[Work instruction]:
Output the data below exactly, without images.

Data excerpts:
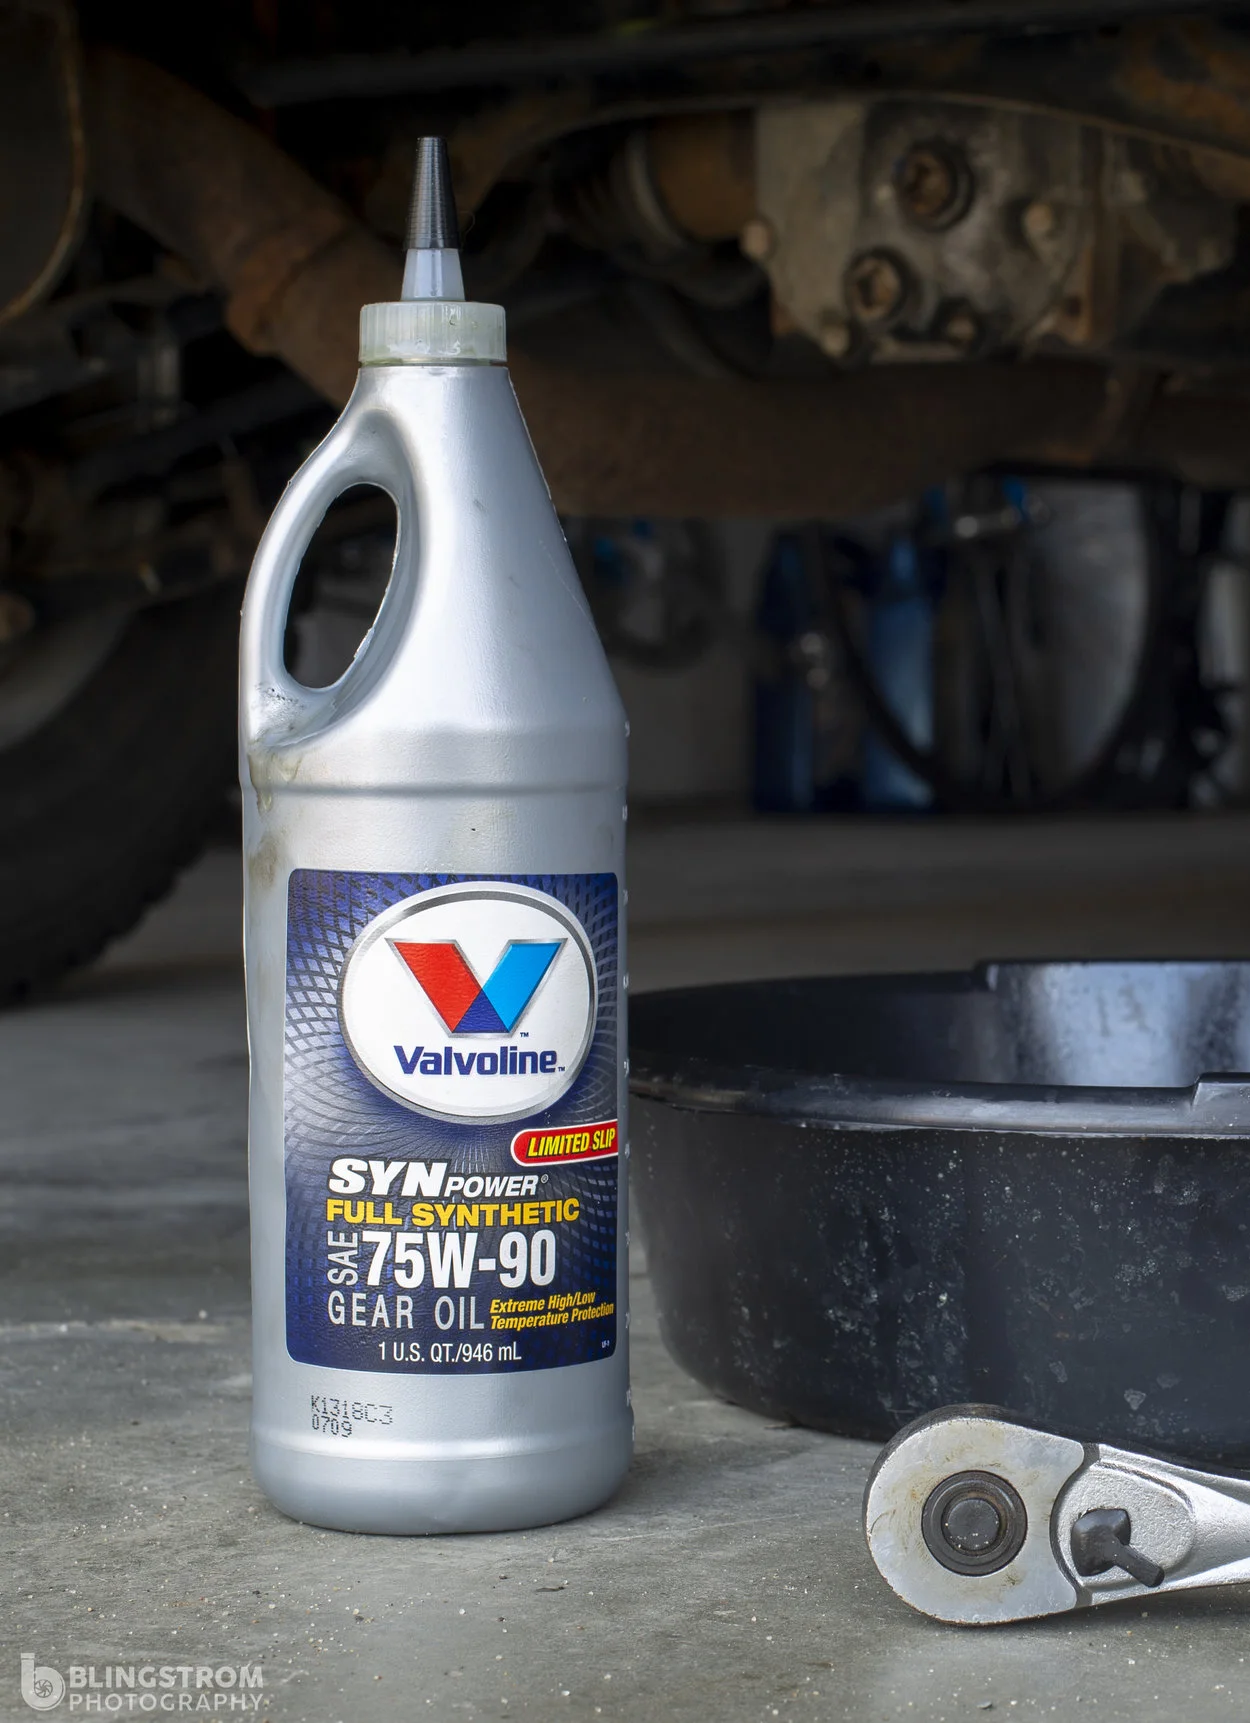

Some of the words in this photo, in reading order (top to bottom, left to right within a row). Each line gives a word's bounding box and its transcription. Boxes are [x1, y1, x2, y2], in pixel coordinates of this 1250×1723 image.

[393, 1045, 557, 1077] Valvoline
[527, 1132, 590, 1158] LIMITED
[592, 1127, 616, 1150] SLIP
[325, 1199, 403, 1225] FULL
[411, 1197, 580, 1227] SYNTHETIC
[327, 1230, 358, 1286] SAE
[361, 1228, 557, 1289] 75W-90
[327, 1290, 414, 1330] GEAR
[434, 1295, 485, 1331] OIL
[489, 1298, 545, 1314] Extreme
[547, 1291, 596, 1311] High/Low
[490, 1311, 569, 1332] Temperature
[570, 1302, 615, 1323] Protection
[378, 1342, 386, 1360] 1
[392, 1342, 425, 1361] U.S.
[430, 1342, 493, 1362] QT./946
[498, 1341, 522, 1361] mL
[311, 1413, 353, 1438] 0709

[Exercise output]:
Some of the words in this photo, in reading order (top to bottom, left to right within a row). Each line gives a word's bounding box and its transcription. Boxes are [x1, y1, x2, y2], in pixel coordinates of this 1250×1723 image.

[393, 1045, 557, 1077] Valvoline
[527, 1132, 590, 1158] LIMITED
[592, 1127, 616, 1150] SLIP
[325, 1199, 403, 1225] FULL
[411, 1197, 580, 1227] SYNTHETIC
[327, 1230, 358, 1286] SAE
[361, 1228, 557, 1289] 75W-90
[327, 1290, 414, 1330] GEAR
[434, 1295, 485, 1331] OIL
[489, 1298, 545, 1314] Extreme
[547, 1291, 596, 1311] High/Low
[490, 1311, 569, 1332] Temperature
[570, 1302, 615, 1323] Protection
[378, 1342, 386, 1360] 1
[392, 1342, 425, 1361] U.S.
[430, 1342, 493, 1362] QT./946
[498, 1341, 522, 1361] mL
[311, 1413, 353, 1438] 0709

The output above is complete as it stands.